EXERCISE AIM: Could you copy the whole listing below exactly as written?

****

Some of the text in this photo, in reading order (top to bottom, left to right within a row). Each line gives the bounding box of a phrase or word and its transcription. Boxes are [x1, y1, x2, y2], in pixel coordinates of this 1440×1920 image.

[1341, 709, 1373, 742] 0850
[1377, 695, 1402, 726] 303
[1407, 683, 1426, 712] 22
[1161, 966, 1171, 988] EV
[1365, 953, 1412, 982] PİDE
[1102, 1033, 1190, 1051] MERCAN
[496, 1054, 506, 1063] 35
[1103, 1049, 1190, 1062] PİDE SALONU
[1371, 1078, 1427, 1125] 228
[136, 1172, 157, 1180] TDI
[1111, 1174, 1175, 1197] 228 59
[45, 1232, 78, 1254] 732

****

RESULT OF THE TASK:
Some of the text in this photo, in reading order (top to bottom, left to right within a row). Each line gives the bounding box of a phrase or word and its transcription. Boxes are [x1, y1, x2, y2], in pixel coordinates of this 1440×1920 image.

[1341, 709, 1373, 742] 0850
[1377, 695, 1402, 726] 303
[1407, 683, 1426, 712] 22
[1161, 966, 1171, 988] EV
[1365, 953, 1412, 982] PİDE
[1102, 1033, 1190, 1051] MERCAN
[496, 1054, 506, 1063] 35
[1103, 1049, 1190, 1062] PİDE SALONU
[1371, 1078, 1427, 1125] 228
[136, 1172, 157, 1180] TDI
[1111, 1174, 1175, 1197] 228 59
[45, 1232, 78, 1254] 732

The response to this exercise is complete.